= William Lorenzo Moss =

American physician and professor of medicine

William Lorenzo Moss (23 August 1876 – August 12, 1957) was an American physician and professor of medicine. He developed the Moss System of blood groups in 1910 which was used to ensure safe blood transfusions before more detailed classifications based on refinements of Landsteiner's work came into practice.

Moss was born in Athens, Georgia and was educated at the University of Georgia. After receiving a bachelor's degree in 1897 in civil engineering before he joined Johns Hopkins University to study medicine and graduated MD in 1905. He worked as an instructor at the Phipps Tuberculosis Dispensary in 1910. Landsteiner had identified three blood groups in 1901 and added a fourth in 1902 (AB).

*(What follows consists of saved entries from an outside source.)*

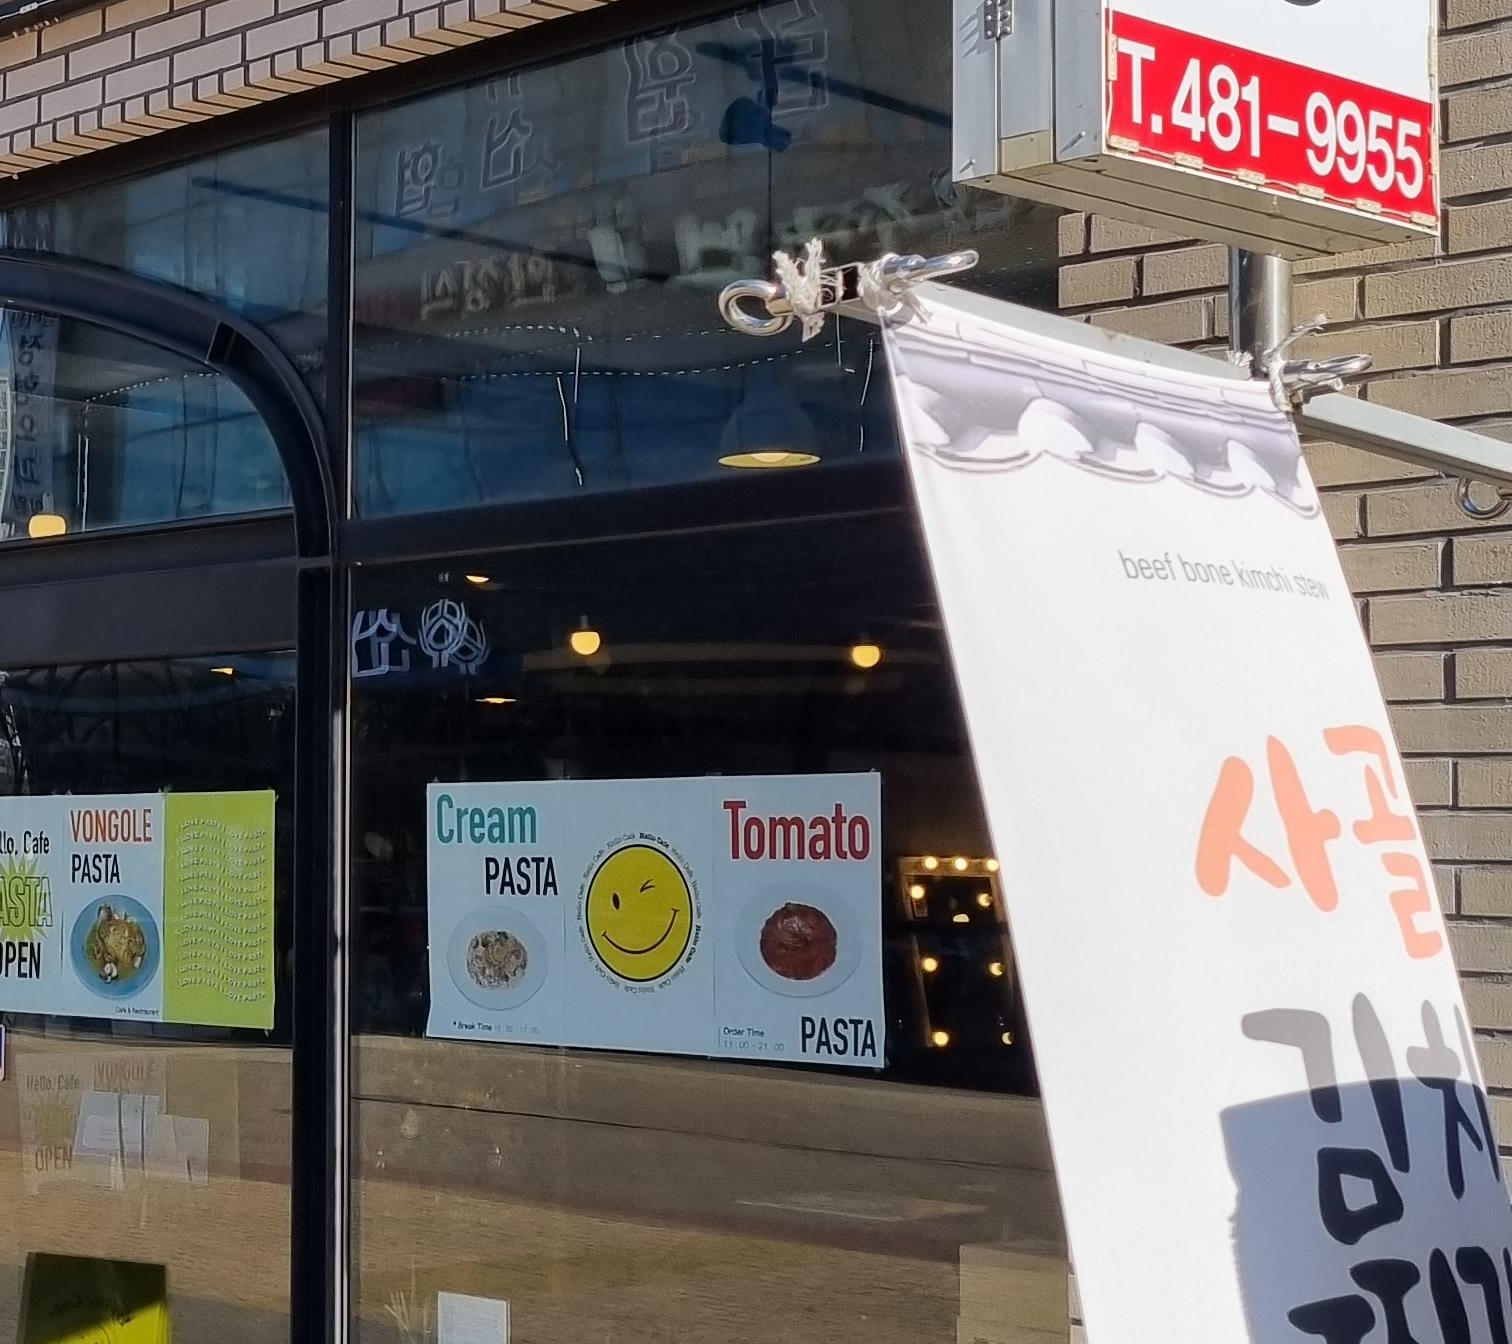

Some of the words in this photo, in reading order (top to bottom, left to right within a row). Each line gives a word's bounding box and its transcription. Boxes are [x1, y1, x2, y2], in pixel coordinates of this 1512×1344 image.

[1115, 39, 1425, 200] T.481-9955
[1118, 549, 1176, 583] beef
[1177, 552, 1235, 588] bone
[1235, 558, 1294, 596] kimchi
[1295, 571, 1331, 601] stew
[23, 829, 50, 855] Cafe
[70, 808, 153, 844] VONGOLE
[436, 792, 537, 845] Cream
[722, 799, 872, 862] Tomato
[1194, 724, 1444, 960] 사골
[70, 853, 121, 884] PASTA
[484, 855, 559, 897] PASTA
[747, 1028, 765, 1038] Time
[800, 1015, 877, 1058] PASTA
[1240, 991, 1502, 1246] 김치

Jan Jansky also developed a classification in 1907 in Prague. Moss used Roman numbers for his groups and identified compatibility of the groups to avoid agglutination during blood transfers. He also contributed to anesthetic management. He later taught at Yale, Harvard and the Georgia School of Medicine where he served as dean. Moss travelled around the world, taking part in expeditions such as the Crane Pacific Expedition and studied immunization for diphtheria, tuberculosis and influenza.

Moss married Elizabeth Wilde and they had three children.